Retype the records below exactly. Leave nothing out.

_Phrase grounding data_.
++++++++
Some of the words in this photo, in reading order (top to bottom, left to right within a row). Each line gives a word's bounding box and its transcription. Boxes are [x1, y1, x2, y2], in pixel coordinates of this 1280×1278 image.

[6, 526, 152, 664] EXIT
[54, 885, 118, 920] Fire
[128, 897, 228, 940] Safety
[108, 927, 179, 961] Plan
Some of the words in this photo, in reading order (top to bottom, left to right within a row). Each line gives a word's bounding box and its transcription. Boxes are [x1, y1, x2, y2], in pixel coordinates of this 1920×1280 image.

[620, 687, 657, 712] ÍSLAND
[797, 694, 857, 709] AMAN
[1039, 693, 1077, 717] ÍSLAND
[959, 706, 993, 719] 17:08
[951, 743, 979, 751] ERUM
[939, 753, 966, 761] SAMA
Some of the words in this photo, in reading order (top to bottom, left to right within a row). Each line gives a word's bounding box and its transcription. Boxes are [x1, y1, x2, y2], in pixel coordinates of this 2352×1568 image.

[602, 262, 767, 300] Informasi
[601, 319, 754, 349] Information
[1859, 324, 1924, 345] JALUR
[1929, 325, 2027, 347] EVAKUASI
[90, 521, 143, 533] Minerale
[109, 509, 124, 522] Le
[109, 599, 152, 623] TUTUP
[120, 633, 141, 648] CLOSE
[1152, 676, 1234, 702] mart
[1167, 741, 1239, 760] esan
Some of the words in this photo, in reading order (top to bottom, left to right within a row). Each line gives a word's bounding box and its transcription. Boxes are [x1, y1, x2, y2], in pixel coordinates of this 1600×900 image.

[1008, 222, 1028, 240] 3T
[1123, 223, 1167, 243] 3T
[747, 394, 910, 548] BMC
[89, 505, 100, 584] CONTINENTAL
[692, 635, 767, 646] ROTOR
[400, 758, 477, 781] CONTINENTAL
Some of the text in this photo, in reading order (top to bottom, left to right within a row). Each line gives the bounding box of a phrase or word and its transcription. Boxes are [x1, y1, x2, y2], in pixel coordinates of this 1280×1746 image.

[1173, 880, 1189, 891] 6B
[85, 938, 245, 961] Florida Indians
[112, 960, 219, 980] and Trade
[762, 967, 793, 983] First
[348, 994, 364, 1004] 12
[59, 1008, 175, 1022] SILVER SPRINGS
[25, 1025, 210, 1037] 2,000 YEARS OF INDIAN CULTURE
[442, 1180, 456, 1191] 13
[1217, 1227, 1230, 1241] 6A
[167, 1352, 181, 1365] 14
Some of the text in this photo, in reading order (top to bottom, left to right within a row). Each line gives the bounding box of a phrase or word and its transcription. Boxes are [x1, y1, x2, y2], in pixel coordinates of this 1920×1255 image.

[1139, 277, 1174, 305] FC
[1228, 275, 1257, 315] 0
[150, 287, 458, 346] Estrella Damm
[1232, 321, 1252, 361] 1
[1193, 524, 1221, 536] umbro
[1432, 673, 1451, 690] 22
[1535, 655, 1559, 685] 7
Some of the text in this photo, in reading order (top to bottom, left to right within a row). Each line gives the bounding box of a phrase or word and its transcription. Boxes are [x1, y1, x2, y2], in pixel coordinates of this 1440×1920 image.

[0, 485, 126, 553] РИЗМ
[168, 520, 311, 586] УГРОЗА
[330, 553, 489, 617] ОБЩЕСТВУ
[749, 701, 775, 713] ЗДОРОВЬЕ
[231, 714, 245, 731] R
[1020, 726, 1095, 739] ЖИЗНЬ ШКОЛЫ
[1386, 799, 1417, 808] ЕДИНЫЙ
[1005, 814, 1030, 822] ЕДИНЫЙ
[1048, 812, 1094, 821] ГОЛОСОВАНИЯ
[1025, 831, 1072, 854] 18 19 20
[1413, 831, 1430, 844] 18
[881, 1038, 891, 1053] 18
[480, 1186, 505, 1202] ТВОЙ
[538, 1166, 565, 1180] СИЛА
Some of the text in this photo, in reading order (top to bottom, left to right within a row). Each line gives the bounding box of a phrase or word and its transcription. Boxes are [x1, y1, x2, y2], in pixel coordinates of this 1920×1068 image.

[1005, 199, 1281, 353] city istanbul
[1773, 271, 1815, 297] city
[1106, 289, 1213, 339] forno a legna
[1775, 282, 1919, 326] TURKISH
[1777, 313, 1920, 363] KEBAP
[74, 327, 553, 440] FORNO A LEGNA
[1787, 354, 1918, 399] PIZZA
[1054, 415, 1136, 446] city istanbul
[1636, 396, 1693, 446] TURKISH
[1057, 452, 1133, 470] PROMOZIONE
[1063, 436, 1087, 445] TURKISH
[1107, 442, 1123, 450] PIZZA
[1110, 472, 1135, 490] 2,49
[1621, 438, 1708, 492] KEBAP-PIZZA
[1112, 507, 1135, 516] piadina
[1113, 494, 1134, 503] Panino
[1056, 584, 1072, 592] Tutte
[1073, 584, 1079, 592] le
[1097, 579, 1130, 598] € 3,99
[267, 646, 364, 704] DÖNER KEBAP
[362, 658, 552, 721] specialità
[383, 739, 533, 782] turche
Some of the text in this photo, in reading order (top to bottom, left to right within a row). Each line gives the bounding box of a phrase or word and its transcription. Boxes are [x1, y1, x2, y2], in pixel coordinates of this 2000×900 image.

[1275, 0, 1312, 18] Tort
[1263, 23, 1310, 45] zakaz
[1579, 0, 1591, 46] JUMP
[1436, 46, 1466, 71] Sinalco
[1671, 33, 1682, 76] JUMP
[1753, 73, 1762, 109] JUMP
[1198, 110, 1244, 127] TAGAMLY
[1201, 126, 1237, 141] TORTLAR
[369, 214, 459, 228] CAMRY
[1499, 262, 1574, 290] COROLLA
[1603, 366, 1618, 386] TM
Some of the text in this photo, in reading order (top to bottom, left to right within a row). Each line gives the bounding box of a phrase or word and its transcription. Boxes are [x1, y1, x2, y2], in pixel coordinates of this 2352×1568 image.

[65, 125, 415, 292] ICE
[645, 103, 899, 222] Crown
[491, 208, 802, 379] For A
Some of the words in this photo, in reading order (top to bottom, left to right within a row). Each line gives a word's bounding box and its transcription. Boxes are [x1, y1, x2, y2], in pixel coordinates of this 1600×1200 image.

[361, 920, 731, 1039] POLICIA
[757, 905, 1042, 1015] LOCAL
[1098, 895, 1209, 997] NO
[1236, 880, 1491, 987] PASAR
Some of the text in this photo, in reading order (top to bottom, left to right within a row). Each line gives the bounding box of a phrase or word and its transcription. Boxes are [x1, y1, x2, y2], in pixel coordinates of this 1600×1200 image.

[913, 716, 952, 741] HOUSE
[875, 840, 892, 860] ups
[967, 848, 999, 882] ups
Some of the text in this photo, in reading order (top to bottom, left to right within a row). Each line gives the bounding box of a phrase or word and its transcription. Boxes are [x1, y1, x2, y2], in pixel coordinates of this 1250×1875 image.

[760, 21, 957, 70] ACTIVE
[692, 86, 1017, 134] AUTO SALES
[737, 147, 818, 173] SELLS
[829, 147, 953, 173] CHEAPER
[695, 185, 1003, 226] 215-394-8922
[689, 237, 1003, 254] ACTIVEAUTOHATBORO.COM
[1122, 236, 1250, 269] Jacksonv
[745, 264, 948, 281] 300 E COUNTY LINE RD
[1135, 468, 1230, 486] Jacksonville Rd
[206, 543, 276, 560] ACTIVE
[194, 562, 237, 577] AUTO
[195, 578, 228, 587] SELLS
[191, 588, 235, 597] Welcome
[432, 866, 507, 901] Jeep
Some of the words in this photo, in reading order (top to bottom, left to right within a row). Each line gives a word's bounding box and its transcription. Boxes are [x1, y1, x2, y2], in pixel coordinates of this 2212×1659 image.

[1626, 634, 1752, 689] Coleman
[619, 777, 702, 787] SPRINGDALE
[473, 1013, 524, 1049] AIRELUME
++++++++
_Answer space_.
Some of the words in this photo, in reading order (top to bottom, left to right within a row). Each line gives a word's bounding box and its transcription. Boxes are [x1, y1, x2, y2], in pixel coordinates of this 1280×1278 image.

[6, 526, 152, 664] EXIT
[54, 885, 118, 920] Fire
[128, 897, 228, 940] Safety
[108, 927, 179, 961] Plan
Some of the words in this photo, in reading order (top to bottom, left to right within a row). Each line gives a word's bounding box and its transcription. Boxes are [x1, y1, x2, y2], in pixel coordinates of this 1920×1280 image.

[620, 687, 657, 712] ÍSLAND
[797, 694, 857, 709] AMAN
[1039, 693, 1077, 717] ÍSLAND
[959, 706, 993, 719] 17:08
[951, 743, 979, 751] ERUM
[939, 753, 966, 761] SAMA
Some of the words in this photo, in reading order (top to bottom, left to right within a row). Each line gives a word's bounding box and its transcription. Boxes are [x1, y1, x2, y2], in pixel coordinates of this 2352×1568 image.

[602, 262, 767, 300] Informasi
[601, 319, 754, 349] Information
[1859, 324, 1924, 345] JALUR
[1929, 325, 2027, 347] EVAKUASI
[90, 521, 143, 533] Minerale
[109, 509, 124, 522] Le
[109, 599, 152, 623] TUTUP
[120, 633, 141, 648] CLOSE
[1152, 676, 1234, 702] mart
[1167, 741, 1239, 760] esan
Some of the words in this photo, in reading order (top to bottom, left to right within a row). Each line gives a word's bounding box and its transcription. Boxes are [x1, y1, x2, y2], in pixel coordinates of this 1600×900 image.

[1008, 222, 1028, 240] 3T
[1123, 223, 1167, 243] 3T
[747, 394, 910, 548] BMC
[89, 505, 100, 584] CONTINENTAL
[692, 635, 767, 646] ROTOR
[400, 758, 477, 781] CONTINENTAL
Some of the text in this photo, in reading order (top to bottom, left to right within a row). Each line gives the bounding box of a phrase or word and its transcription. Boxes are [x1, y1, x2, y2], in pixel coordinates of this 1280×1746 image.

[1173, 880, 1189, 891] 6B
[85, 938, 245, 961] Florida Indians
[112, 960, 219, 980] and Trade
[762, 967, 793, 983] First
[348, 994, 364, 1004] 12
[59, 1008, 175, 1022] SILVER SPRINGS
[25, 1025, 210, 1037] 2,000 YEARS OF INDIAN CULTURE
[442, 1180, 456, 1191] 13
[1217, 1227, 1230, 1241] 6A
[167, 1352, 181, 1365] 14
Some of the text in this photo, in reading order (top to bottom, left to right within a row). Each line gives the bounding box of a phrase or word and its transcription. Boxes are [x1, y1, x2, y2], in pixel coordinates of this 1920×1255 image.

[1139, 277, 1174, 305] FC
[1228, 275, 1257, 315] 0
[150, 287, 458, 346] Estrella Damm
[1232, 321, 1252, 361] 1
[1193, 524, 1221, 536] umbro
[1432, 673, 1451, 690] 22
[1535, 655, 1559, 685] 7
Some of the text in this photo, in reading order (top to bottom, left to right within a row). Each line gives the bounding box of a phrase or word and its transcription. Boxes are [x1, y1, x2, y2], in pixel coordinates of this 1440×1920 image.

[0, 485, 126, 553] РИЗМ
[168, 520, 311, 586] УГРОЗА
[330, 553, 489, 617] ОБЩЕСТВУ
[749, 701, 775, 713] ЗДОРОВЬЕ
[231, 714, 245, 731] R
[1020, 726, 1095, 739] ЖИЗНЬ ШКОЛЫ
[1386, 799, 1417, 808] ЕДИНЫЙ
[1005, 814, 1030, 822] ЕДИНЫЙ
[1048, 812, 1094, 821] ГОЛОСОВАНИЯ
[1025, 831, 1072, 854] 18 19 20
[1413, 831, 1430, 844] 18
[881, 1038, 891, 1053] 18
[480, 1186, 505, 1202] ТВОЙ
[538, 1166, 565, 1180] СИЛА
Some of the text in this photo, in reading order (top to bottom, left to right within a row). Each line gives the bounding box of a phrase or word and its transcription. Boxes are [x1, y1, x2, y2], in pixel coordinates of this 1920×1068 image.

[1005, 199, 1281, 353] city istanbul
[1773, 271, 1815, 297] city
[1106, 289, 1213, 339] forno a legna
[1775, 282, 1919, 326] TURKISH
[1777, 313, 1920, 363] KEBAP
[74, 327, 553, 440] FORNO A LEGNA
[1787, 354, 1918, 399] PIZZA
[1054, 415, 1136, 446] city istanbul
[1636, 396, 1693, 446] TURKISH
[1057, 452, 1133, 470] PROMOZIONE
[1063, 436, 1087, 445] TURKISH
[1107, 442, 1123, 450] PIZZA
[1110, 472, 1135, 490] 2,49
[1621, 438, 1708, 492] KEBAP-PIZZA
[1112, 507, 1135, 516] piadina
[1113, 494, 1134, 503] Panino
[1056, 584, 1072, 592] Tutte
[1073, 584, 1079, 592] le
[1097, 579, 1130, 598] € 3,99
[267, 646, 364, 704] DÖNER KEBAP
[362, 658, 552, 721] specialità
[383, 739, 533, 782] turche
Some of the text in this photo, in reading order (top to bottom, left to right within a row). Each line gives the bounding box of a phrase or word and its transcription. Boxes are [x1, y1, x2, y2], in pixel coordinates of this 2000×900 image.

[1275, 0, 1312, 18] Tort
[1263, 23, 1310, 45] zakaz
[1579, 0, 1591, 46] JUMP
[1436, 46, 1466, 71] Sinalco
[1671, 33, 1682, 76] JUMP
[1753, 73, 1762, 109] JUMP
[1198, 110, 1244, 127] TAGAMLY
[1201, 126, 1237, 141] TORTLAR
[369, 214, 459, 228] CAMRY
[1499, 262, 1574, 290] COROLLA
[1603, 366, 1618, 386] TM
Some of the text in this photo, in reading order (top to bottom, left to right within a row). Each line gives the bounding box of a phrase or word and its transcription. Boxes are [x1, y1, x2, y2], in pixel coordinates of this 2352×1568 image.

[65, 125, 415, 292] ICE
[645, 103, 899, 222] Crown
[491, 208, 802, 379] For A
Some of the words in this photo, in reading order (top to bottom, left to right within a row). Each line gives a word's bounding box and its transcription. Boxes are [x1, y1, x2, y2], in pixel coordinates of this 1600×1200 image.

[361, 920, 731, 1039] POLICIA
[757, 905, 1042, 1015] LOCAL
[1098, 895, 1209, 997] NO
[1236, 880, 1491, 987] PASAR
Some of the text in this photo, in reading order (top to bottom, left to right within a row). Each line gives the bounding box of a phrase or word and its transcription. Boxes are [x1, y1, x2, y2], in pixel coordinates of this 1600×1200 image.

[913, 716, 952, 741] HOUSE
[875, 840, 892, 860] ups
[967, 848, 999, 882] ups
Some of the text in this photo, in reading order (top to bottom, left to right within a row). Each line gives the bounding box of a phrase or word and its transcription. Boxes are [x1, y1, x2, y2], in pixel coordinates of this 1250×1875 image.

[760, 21, 957, 70] ACTIVE
[692, 86, 1017, 134] AUTO SALES
[737, 147, 818, 173] SELLS
[829, 147, 953, 173] CHEAPER
[695, 185, 1003, 226] 215-394-8922
[689, 237, 1003, 254] ACTIVEAUTOHATBORO.COM
[1122, 236, 1250, 269] Jacksonv
[745, 264, 948, 281] 300 E COUNTY LINE RD
[1135, 468, 1230, 486] Jacksonville Rd
[206, 543, 276, 560] ACTIVE
[194, 562, 237, 577] AUTO
[195, 578, 228, 587] SELLS
[191, 588, 235, 597] Welcome
[432, 866, 507, 901] Jeep
Some of the words in this photo, in reading order (top to bottom, left to right within a row). Each line gives a word's bounding box and its transcription. Boxes are [x1, y1, x2, y2], in pixel coordinates of this 2212×1659 image.

[1626, 634, 1752, 689] Coleman
[619, 777, 702, 787] SPRINGDALE
[473, 1013, 524, 1049] AIRELUME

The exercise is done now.